▶ [Records supplied]

* * *

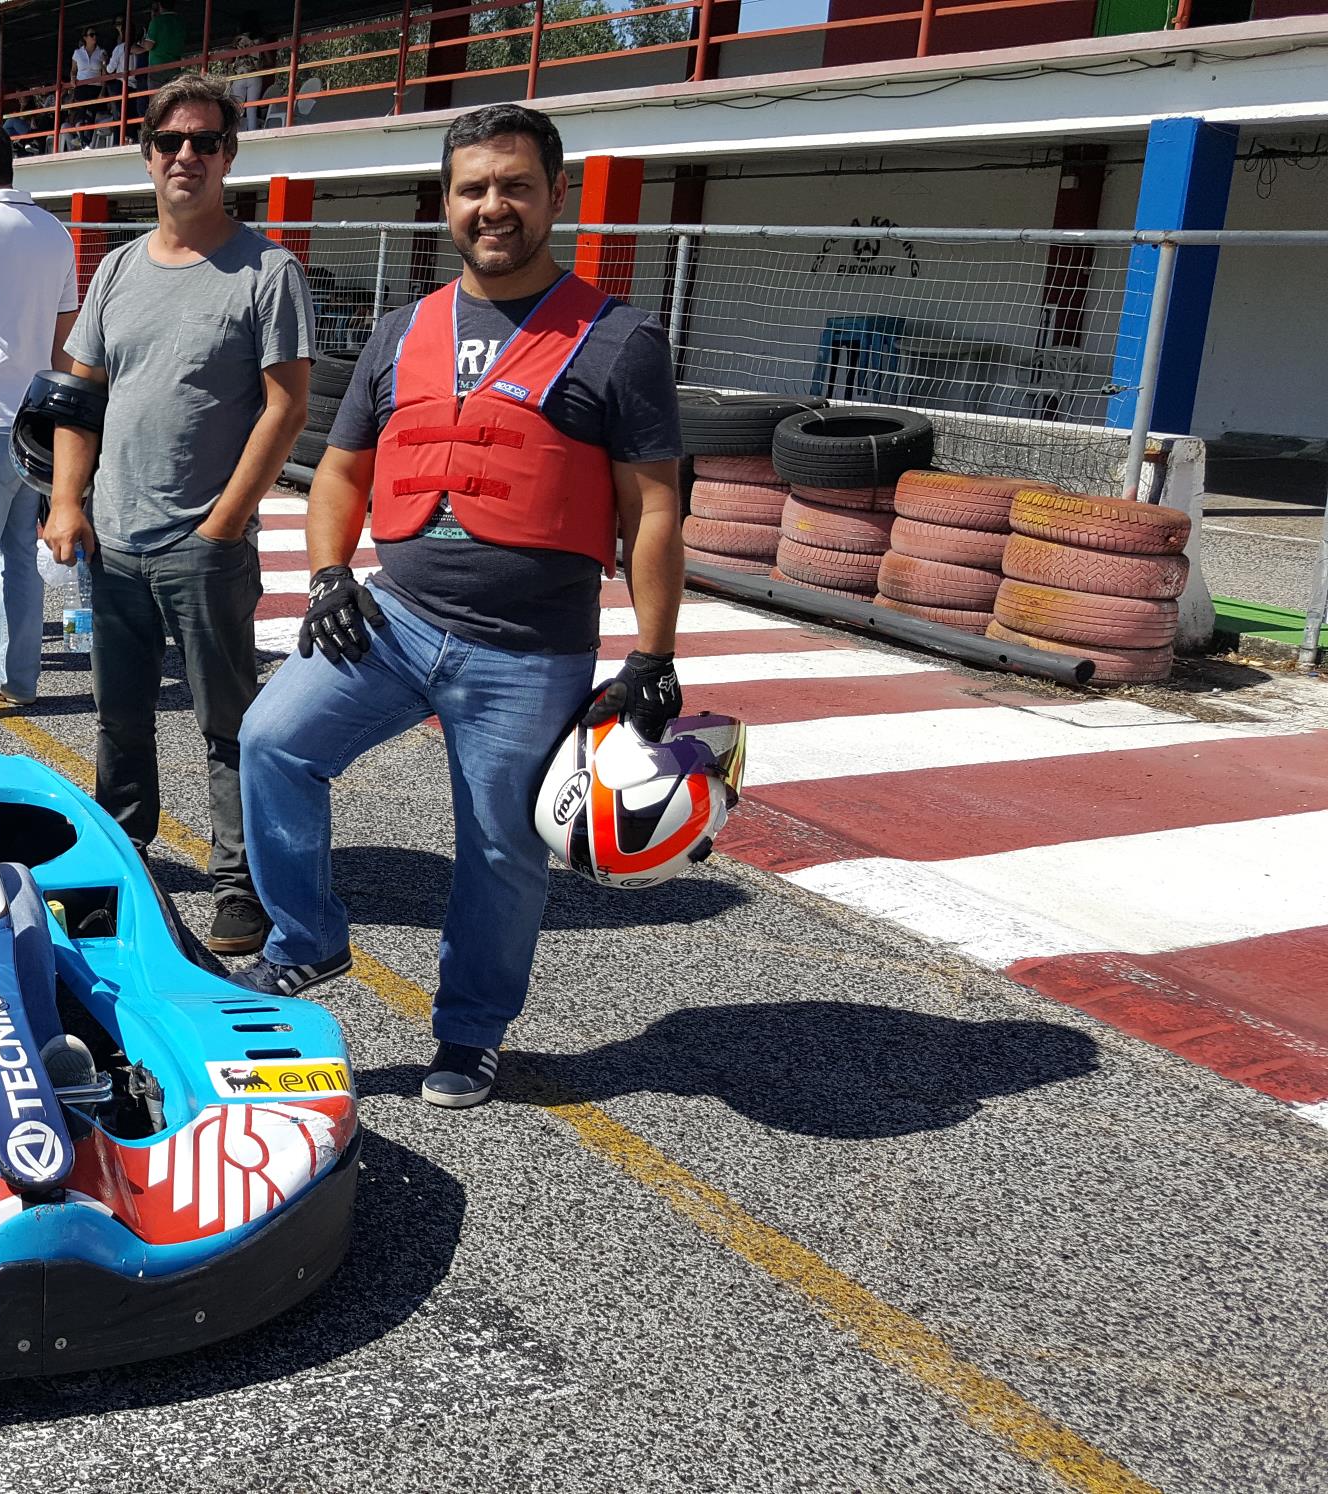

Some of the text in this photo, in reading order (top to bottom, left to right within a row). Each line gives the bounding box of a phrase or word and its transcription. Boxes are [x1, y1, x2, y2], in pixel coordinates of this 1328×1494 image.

[836, 264, 897, 277] EUROINDY
[492, 380, 527, 397] sparco
[557, 771, 585, 823] Arai
[278, 1062, 349, 1093] eni
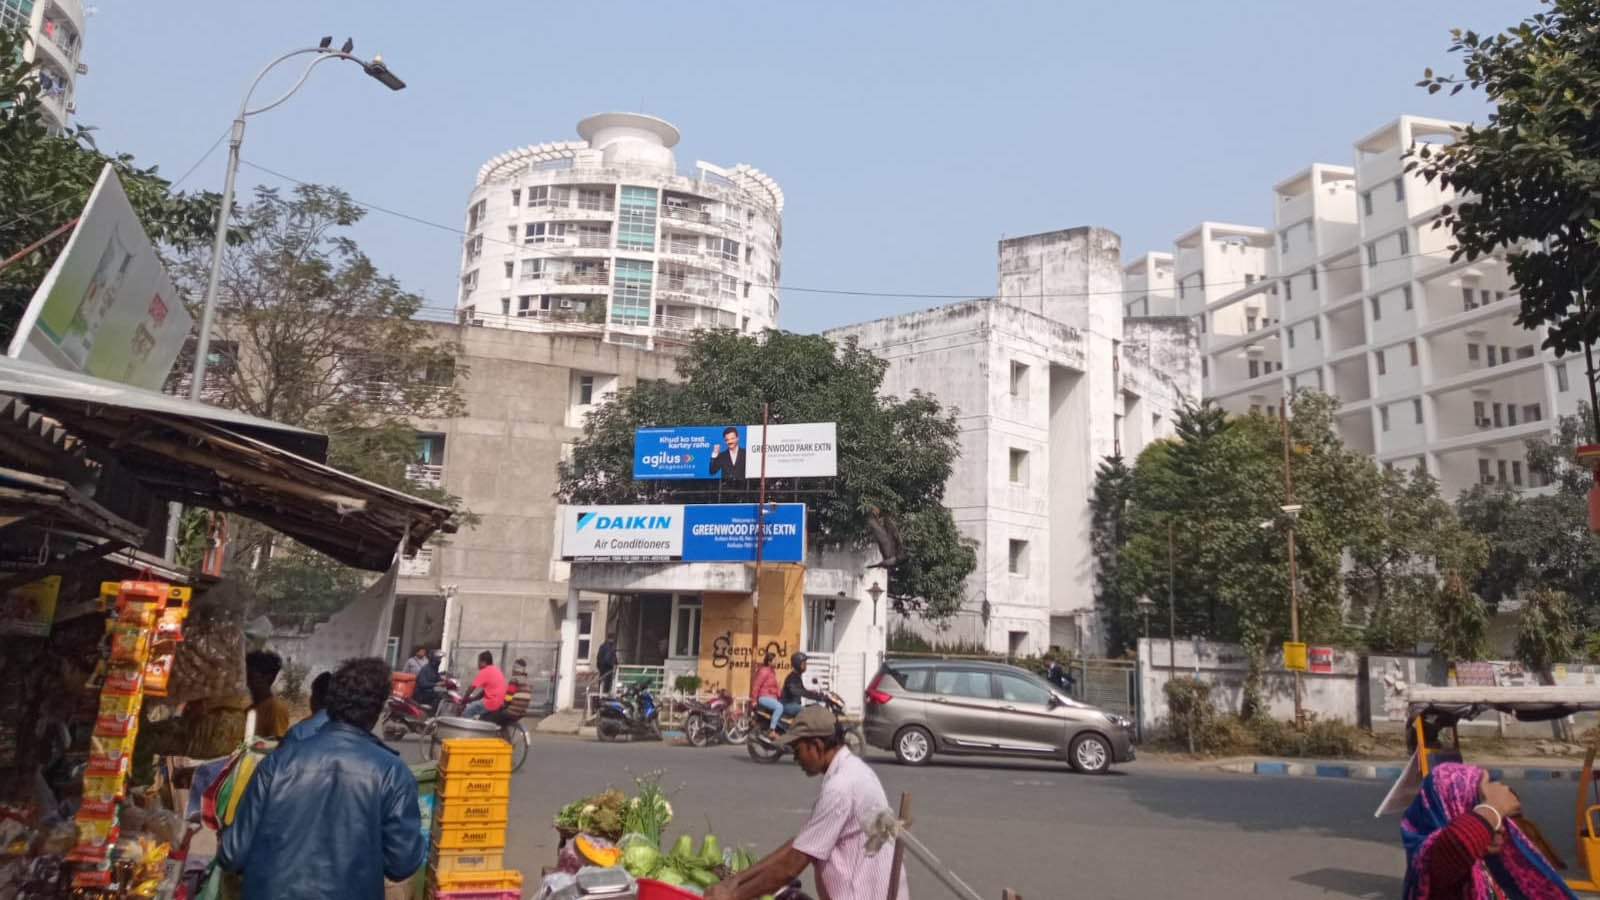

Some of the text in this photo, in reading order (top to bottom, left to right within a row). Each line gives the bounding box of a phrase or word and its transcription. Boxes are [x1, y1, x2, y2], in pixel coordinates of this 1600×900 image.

* * *

▶ [Task description] Without the pictures, repeat all the records word for word.

▶ [Task answer]
Some of the text in this photo, in reading order (top to bottom, left to right within a row). Each line gives the bounding box of a phrase or word and its transcription. Boxes are [x1, y1, x2, y2], in pixel coordinates of this 1328×1494 image.

[836, 264, 897, 277] EUROINDY
[492, 380, 527, 397] sparco
[557, 771, 585, 823] Arai
[278, 1062, 349, 1093] eni

Some of the text in this photo, in reading order (top to bottom, left to right within a row). Each line gives the bounding box of a phrase or word and its transcription. Boxes are [x1, y1, x2, y2], in pixel coordinates of this 1600×900 image.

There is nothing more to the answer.